-- Problem details --
Give back every record below precisely as written.

-- Information --

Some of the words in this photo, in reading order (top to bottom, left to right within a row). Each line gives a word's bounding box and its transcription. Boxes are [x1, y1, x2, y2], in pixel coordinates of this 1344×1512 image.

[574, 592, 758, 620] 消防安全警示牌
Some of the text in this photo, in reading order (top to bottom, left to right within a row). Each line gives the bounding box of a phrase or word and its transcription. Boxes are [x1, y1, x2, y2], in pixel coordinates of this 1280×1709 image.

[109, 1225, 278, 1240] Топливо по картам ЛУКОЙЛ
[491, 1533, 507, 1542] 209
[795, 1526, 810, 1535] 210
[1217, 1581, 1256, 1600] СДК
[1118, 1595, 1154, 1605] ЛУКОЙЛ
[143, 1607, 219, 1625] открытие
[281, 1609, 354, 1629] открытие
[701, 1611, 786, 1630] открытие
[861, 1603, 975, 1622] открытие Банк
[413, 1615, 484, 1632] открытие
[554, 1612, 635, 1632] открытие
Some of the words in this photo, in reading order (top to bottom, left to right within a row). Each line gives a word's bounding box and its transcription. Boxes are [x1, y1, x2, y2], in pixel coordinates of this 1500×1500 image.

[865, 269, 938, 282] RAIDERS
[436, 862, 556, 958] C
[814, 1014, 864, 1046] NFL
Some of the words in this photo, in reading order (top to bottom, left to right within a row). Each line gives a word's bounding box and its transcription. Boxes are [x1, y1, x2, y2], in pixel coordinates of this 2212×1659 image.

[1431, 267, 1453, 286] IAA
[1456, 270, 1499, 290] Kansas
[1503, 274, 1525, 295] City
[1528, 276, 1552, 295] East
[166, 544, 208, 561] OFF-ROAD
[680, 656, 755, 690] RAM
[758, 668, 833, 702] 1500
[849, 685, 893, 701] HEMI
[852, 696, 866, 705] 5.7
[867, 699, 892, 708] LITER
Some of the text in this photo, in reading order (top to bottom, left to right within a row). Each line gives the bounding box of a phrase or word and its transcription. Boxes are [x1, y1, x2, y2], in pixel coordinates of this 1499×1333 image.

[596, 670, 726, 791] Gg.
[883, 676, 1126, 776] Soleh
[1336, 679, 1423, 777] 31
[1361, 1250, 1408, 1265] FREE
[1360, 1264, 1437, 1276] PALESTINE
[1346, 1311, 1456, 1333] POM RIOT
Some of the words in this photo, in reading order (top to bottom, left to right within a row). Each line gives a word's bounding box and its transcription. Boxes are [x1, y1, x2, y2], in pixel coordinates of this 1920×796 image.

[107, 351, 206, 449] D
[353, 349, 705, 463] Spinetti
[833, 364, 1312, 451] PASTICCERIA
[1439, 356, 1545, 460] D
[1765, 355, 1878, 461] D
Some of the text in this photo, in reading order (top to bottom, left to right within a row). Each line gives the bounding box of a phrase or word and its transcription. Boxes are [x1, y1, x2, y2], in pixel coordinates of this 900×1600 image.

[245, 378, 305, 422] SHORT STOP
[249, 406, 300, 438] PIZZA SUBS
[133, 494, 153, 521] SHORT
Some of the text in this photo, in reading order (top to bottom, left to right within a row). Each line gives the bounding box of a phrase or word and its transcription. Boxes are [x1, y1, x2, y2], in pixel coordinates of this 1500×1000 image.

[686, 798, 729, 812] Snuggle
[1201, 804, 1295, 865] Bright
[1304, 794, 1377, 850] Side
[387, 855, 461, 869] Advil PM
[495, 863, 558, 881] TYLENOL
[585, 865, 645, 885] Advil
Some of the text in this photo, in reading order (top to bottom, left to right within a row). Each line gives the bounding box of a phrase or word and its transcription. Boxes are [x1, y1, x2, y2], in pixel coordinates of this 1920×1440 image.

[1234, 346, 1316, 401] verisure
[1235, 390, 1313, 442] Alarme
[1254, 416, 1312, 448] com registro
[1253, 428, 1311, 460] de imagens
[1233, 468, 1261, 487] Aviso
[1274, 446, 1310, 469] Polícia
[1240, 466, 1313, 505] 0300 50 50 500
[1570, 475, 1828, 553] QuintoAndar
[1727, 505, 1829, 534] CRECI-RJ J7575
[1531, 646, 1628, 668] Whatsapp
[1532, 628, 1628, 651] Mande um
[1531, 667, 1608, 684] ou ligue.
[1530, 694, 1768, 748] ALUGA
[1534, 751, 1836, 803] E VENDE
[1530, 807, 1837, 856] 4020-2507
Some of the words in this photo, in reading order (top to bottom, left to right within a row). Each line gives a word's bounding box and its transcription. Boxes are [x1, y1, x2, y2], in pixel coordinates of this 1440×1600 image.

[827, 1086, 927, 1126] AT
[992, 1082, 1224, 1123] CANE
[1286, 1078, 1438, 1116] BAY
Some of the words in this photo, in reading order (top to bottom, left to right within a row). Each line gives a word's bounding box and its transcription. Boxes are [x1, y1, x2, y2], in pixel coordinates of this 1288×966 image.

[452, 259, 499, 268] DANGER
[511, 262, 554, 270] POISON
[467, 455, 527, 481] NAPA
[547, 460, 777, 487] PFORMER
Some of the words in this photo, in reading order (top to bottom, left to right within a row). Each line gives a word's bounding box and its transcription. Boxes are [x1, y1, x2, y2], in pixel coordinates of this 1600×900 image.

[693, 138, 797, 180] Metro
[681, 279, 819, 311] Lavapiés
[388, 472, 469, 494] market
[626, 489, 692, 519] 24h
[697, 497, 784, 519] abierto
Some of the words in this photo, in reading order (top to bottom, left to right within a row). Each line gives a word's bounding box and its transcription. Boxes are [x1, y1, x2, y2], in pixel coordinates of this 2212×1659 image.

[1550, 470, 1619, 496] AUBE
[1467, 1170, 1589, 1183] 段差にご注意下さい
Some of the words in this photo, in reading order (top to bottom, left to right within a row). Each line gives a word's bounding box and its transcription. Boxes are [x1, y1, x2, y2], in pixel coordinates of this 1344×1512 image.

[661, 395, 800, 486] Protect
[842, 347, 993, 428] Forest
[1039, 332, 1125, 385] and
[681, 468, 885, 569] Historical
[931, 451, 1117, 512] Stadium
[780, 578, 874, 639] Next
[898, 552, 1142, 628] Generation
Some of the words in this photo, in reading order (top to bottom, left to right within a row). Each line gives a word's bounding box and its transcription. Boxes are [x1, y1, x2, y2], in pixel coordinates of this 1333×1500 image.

-- Written response --
Some of the words in this photo, in reading order (top to bottom, left to right within a row). Each line gives a word's bounding box and its transcription. Boxes are [x1, y1, x2, y2], in pixel coordinates of this 1344×1512 image.

[574, 592, 758, 620] 消防安全警示牌
Some of the text in this photo, in reading order (top to bottom, left to right within a row). Each line gives the bounding box of a phrase or word and its transcription. Boxes are [x1, y1, x2, y2], in pixel coordinates of this 1280×1709 image.

[109, 1225, 278, 1240] Топливо по картам ЛУКОЙЛ
[491, 1533, 507, 1542] 209
[795, 1526, 810, 1535] 210
[1217, 1581, 1256, 1600] СДК
[1118, 1595, 1154, 1605] ЛУКОЙЛ
[143, 1607, 219, 1625] открытие
[281, 1609, 354, 1629] открытие
[701, 1611, 786, 1630] открытие
[861, 1603, 975, 1622] открытие Банк
[413, 1615, 484, 1632] открытие
[554, 1612, 635, 1632] открытие
Some of the words in this photo, in reading order (top to bottom, left to right within a row). Each line gives a word's bounding box and its transcription. Boxes are [x1, y1, x2, y2], in pixel coordinates of this 1500×1500 image.

[865, 269, 938, 282] RAIDERS
[436, 862, 556, 958] C
[814, 1014, 864, 1046] NFL
Some of the words in this photo, in reading order (top to bottom, left to right within a row). Each line gives a word's bounding box and its transcription. Boxes are [x1, y1, x2, y2], in pixel coordinates of this 2212×1659 image.

[1431, 267, 1453, 286] IAA
[1456, 270, 1499, 290] Kansas
[1503, 274, 1525, 295] City
[1528, 276, 1552, 295] East
[166, 544, 208, 561] OFF-ROAD
[680, 656, 755, 690] RAM
[758, 668, 833, 702] 1500
[849, 685, 893, 701] HEMI
[852, 696, 866, 705] 5.7
[867, 699, 892, 708] LITER
Some of the text in this photo, in reading order (top to bottom, left to right within a row). Each line gives the bounding box of a phrase or word and its transcription. Boxes are [x1, y1, x2, y2], in pixel coordinates of this 1499×1333 image.

[596, 670, 726, 791] Gg.
[883, 676, 1126, 776] Soleh
[1336, 679, 1423, 777] 31
[1361, 1250, 1408, 1265] FREE
[1360, 1264, 1437, 1276] PALESTINE
[1346, 1311, 1456, 1333] POM RIOT
Some of the words in this photo, in reading order (top to bottom, left to right within a row). Each line gives a word's bounding box and its transcription. Boxes are [x1, y1, x2, y2], in pixel coordinates of this 1920×796 image.

[107, 351, 206, 449] D
[353, 349, 705, 463] Spinetti
[833, 364, 1312, 451] PASTICCERIA
[1439, 356, 1545, 460] D
[1765, 355, 1878, 461] D
Some of the text in this photo, in reading order (top to bottom, left to right within a row). Each line gives the bounding box of a phrase or word and its transcription. Boxes are [x1, y1, x2, y2], in pixel coordinates of this 900×1600 image.

[245, 378, 305, 422] SHORT STOP
[249, 406, 300, 438] PIZZA SUBS
[133, 494, 153, 521] SHORT
Some of the text in this photo, in reading order (top to bottom, left to right within a row). Each line gives the bounding box of a phrase or word and its transcription. Boxes are [x1, y1, x2, y2], in pixel coordinates of this 1500×1000 image.

[686, 798, 729, 812] Snuggle
[1201, 804, 1295, 865] Bright
[1304, 794, 1377, 850] Side
[387, 855, 461, 869] Advil PM
[495, 863, 558, 881] TYLENOL
[585, 865, 645, 885] Advil
Some of the text in this photo, in reading order (top to bottom, left to right within a row). Each line gives the bounding box of a phrase or word and its transcription. Boxes are [x1, y1, x2, y2], in pixel coordinates of this 1920×1440 image.

[1234, 346, 1316, 401] verisure
[1235, 390, 1313, 442] Alarme
[1254, 416, 1312, 448] com registro
[1253, 428, 1311, 460] de imagens
[1233, 468, 1261, 487] Aviso
[1274, 446, 1310, 469] Polícia
[1240, 466, 1313, 505] 0300 50 50 500
[1570, 475, 1828, 553] QuintoAndar
[1727, 505, 1829, 534] CRECI-RJ J7575
[1531, 646, 1628, 668] Whatsapp
[1532, 628, 1628, 651] Mande um
[1531, 667, 1608, 684] ou ligue.
[1530, 694, 1768, 748] ALUGA
[1534, 751, 1836, 803] E VENDE
[1530, 807, 1837, 856] 4020-2507
Some of the words in this photo, in reading order (top to bottom, left to right within a row). Each line gives a word's bounding box and its transcription. Boxes are [x1, y1, x2, y2], in pixel coordinates of this 1440×1600 image.

[827, 1086, 927, 1126] AT
[992, 1082, 1224, 1123] CANE
[1286, 1078, 1438, 1116] BAY
Some of the words in this photo, in reading order (top to bottom, left to right within a row). Each line gives a word's bounding box and its transcription. Boxes are [x1, y1, x2, y2], in pixel coordinates of this 1288×966 image.

[452, 259, 499, 268] DANGER
[511, 262, 554, 270] POISON
[467, 455, 527, 481] NAPA
[547, 460, 777, 487] PFORMER
Some of the words in this photo, in reading order (top to bottom, left to right within a row). Each line gives a word's bounding box and its transcription. Boxes are [x1, y1, x2, y2], in pixel coordinates of this 1600×900 image.

[693, 138, 797, 180] Metro
[681, 279, 819, 311] Lavapiés
[388, 472, 469, 494] market
[626, 489, 692, 519] 24h
[697, 497, 784, 519] abierto
Some of the words in this photo, in reading order (top to bottom, left to right within a row). Each line gives a word's bounding box and its transcription. Boxes are [x1, y1, x2, y2], in pixel coordinates of this 2212×1659 image.

[1550, 470, 1619, 496] AUBE
[1467, 1170, 1589, 1183] 段差にご注意下さい
Some of the words in this photo, in reading order (top to bottom, left to right within a row). Each line gives a word's bounding box and its transcription. Boxes are [x1, y1, x2, y2], in pixel coordinates of this 1344×1512 image.

[661, 395, 800, 486] Protect
[842, 347, 993, 428] Forest
[1039, 332, 1125, 385] and
[681, 468, 885, 569] Historical
[931, 451, 1117, 512] Stadium
[780, 578, 874, 639] Next
[898, 552, 1142, 628] Generation
Some of the words in this photo, in reading order (top to bottom, left to right within a row). Each line gives a word's bounding box and its transcription. Boxes are [x1, y1, x2, y2], in pixel coordinates of this 1333×1500 image.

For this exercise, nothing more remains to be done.